Tuesday, April 06, 2010

Faculty woes for higher education fledglings

New institutes of higher education across the country are running without permanent faculty a year after some of them were set up, while their foster-parent institutes are facing a pressure-cooker-like situation with student intake growing by the year and supply of qualified teachers being way below demand. Besides the seven established Indian Institutes of Technology (IITs), the country has eight new ones, and apart from the seven Indian Institutes of Management (IIMs), two will start this year and four will come up in the next academic year. The new institutes are currently functioning with faculty from parent institutes.

IIT Mandi in Himachal Pradesh, for instance, does not have a single permanent faculty member for its 100 students, a year after it has been functioning on its mentor IIT Roorkee’s campus. Recruitment is on, and 15-20 permanent faculty members may be on board by June 2010, says professor SP Gupta, convenor of IIT Mandi. The institute plans to admit around 125 students this year, and plans to move to its own campus in July 2010. On the other hand, IIT Jodhpur, which has been operating out of the campus of its mentor IIT Kanpur since 2008, will be moving to its temporary campus in May. Besides its regular B. Tech. programme, it is planning to start a Ph.D. programme for 50 students this year.

The faculty position at the two new IIMs — IIM Rohtak and IIM Ranchi — is not encouraging either.
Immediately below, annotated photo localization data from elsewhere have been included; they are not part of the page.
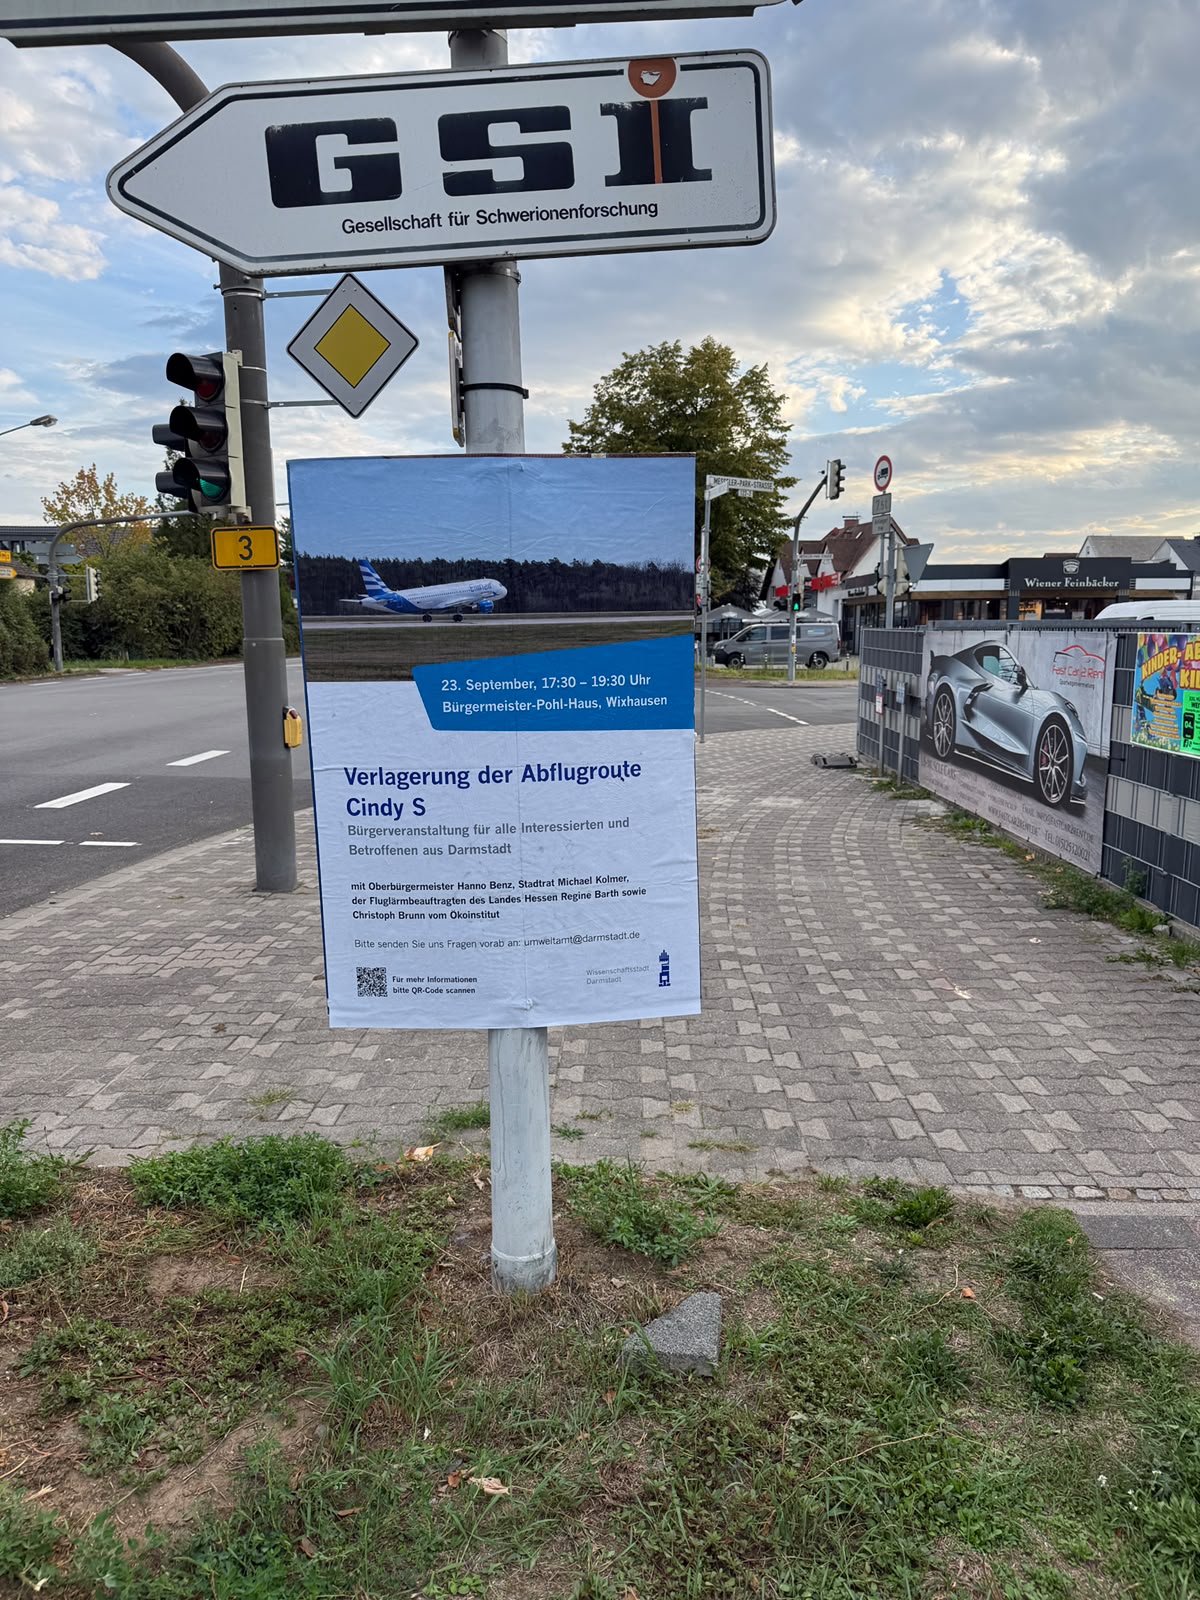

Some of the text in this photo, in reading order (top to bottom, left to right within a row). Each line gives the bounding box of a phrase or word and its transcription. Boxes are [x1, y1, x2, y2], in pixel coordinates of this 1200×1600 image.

[265, 97, 712, 208] GSI
[341, 200, 659, 235] Gesellschaft für Schwerionenforschung
[713, 477, 773, 490] MESSLER-PARK-STRASSE
[239, 535, 253, 561] 3
[1024, 576, 1119, 588] Wiener Feinbäcker
[1067, 666, 1080, 677] Car
[1080, 667, 1087, 678] 2
[1141, 646, 1182, 680] KINDER-
[441, 679, 461, 691] 23.
[466, 678, 537, 694] September,
[541, 676, 576, 689] 17:30
[591, 675, 626, 687] 19:30
[630, 674, 651, 686] Uhr
[443, 696, 667, 715] Bürgermeister-Pohl-Haus, Wixhausen
[344, 760, 642, 789] Verlagerung der Abflugroute
[346, 797, 426, 820] Cindy S
[347, 817, 630, 838] Bürgerveranstaltung für alle Interessierten und
[349, 843, 512, 855] Betroffenen aus Darmstadt
[351, 875, 629, 892] mit Oberbürgermeister Hanno Benz, Stadtrat Michael Kolmer,
[352, 887, 647, 907] der Fluglärmbeauftragten des Landes Hessen Regine Barth sowie
[352, 910, 395, 921] Christoph
[398, 911, 425, 919] Brunn
[450, 910, 500, 919] Ökoinstitut
[354, 939, 375, 948] Bitte
[378, 939, 409, 948] senden
[411, 940, 425, 948] Sie
[447, 940, 477, 950] Fragen
[479, 939, 504, 947] vorab
[507, 939, 521, 947] an:
[524, 931, 640, 947] umweltamt@darmstadt.de
[586, 965, 649, 976] Wissenschaftsstadt
[586, 976, 622, 985] Darmstadt
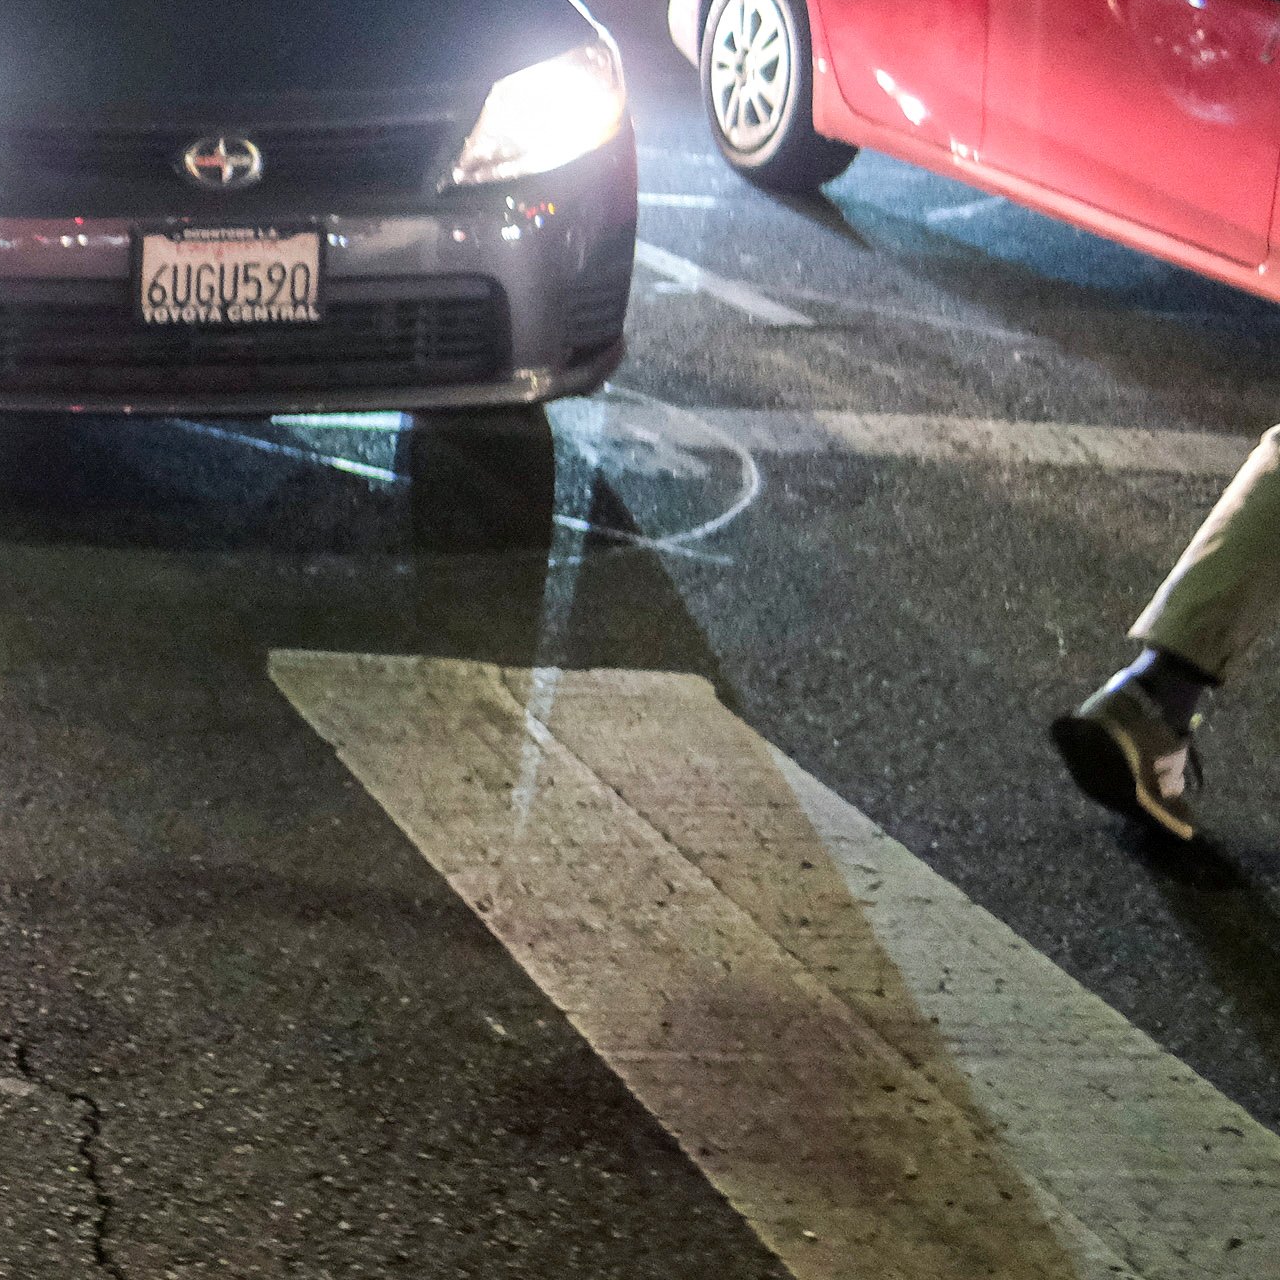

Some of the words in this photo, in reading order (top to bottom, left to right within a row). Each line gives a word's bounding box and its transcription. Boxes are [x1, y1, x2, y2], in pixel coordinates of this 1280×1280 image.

Both the institutes will start admitting students this academic year, but are yet to recruit faculties. “We have issued advertisements, and hope to get some good people in two months,” says BB Chakraborty, IIM Calcutta professor and IIM Ranchi convenor. The scene is no different at IIM Rohtak. “As of now, it does not have permanent faculty; not even a director,” says an official from IIM Lucknow. The institute will start its first post-graduate programme in general management with 60 students this year, and IIM Lucknow is the mentor.
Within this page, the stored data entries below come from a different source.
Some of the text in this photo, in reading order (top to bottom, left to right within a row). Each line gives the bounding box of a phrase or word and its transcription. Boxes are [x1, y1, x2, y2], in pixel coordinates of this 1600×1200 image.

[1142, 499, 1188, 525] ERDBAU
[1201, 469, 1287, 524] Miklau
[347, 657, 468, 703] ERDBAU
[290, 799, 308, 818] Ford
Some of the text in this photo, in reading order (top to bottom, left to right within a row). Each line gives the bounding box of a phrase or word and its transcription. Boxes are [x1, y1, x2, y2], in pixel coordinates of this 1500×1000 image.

The idea of mentor institutes providing faculty support to the new ones, besides administration, is putting a strain on their existing resources, says Prof. S.K. Suresh, Dean, Faculty Affairs at IIT Bombay. “But the established IITs see the need to mentor the new IITs in their early years,” he adds. Besides, existing IITs and IIMs are themselves in need of academic staff. IIT Bombay, for instance, has 660 positions of which 488 are filled as on date. IIM Lucknow too, is looking to increase its permanent faculty position to 100 over the next two years from the current 75, says Prof. Singh.

The need is felt across disciplines too. “We need teachers for finance, operations management and any subject which has a good demand,” says Prof. Chakraborty of IIM Calcutta. The shortage is primarily because the rate at which the institutes are expanding is not matched by the number of Ph.D.s coming out of universities. Also, with the implementation of quota up to 50% in institutes of higher learning, the total number of seats has almost risen substantially.

The shortage of faculty is felt more by institutes that are opening in far-flung areas of the country which lack corporate activity. IIM Kozhikode, for instance, found it difficult to get industry leaders on campus due to the lack of connectivity. “We had to lobby to get a direct flight from Delhi to Kozhikode, and had the Chennai-Kozhikode flight restored recently,” says Debashis Chatterjee, Director, IIM Kozhikode. IIM Lucknow had to create another campus in Noida to be closer to Delhi. “Links with industry are very important for faculty,” says Devi Singh, Director, IIM Lucknow.

A task force headed by IIT Kanpur Director SK Dhande is currently looking into the faculty shortage. But the committee hopes to submit its recommendations between September and December this year. In the meantime, both existing and new IIMs and IITs will have to deal with more students in the coming academic year, which will only add to the pressure on limited resources.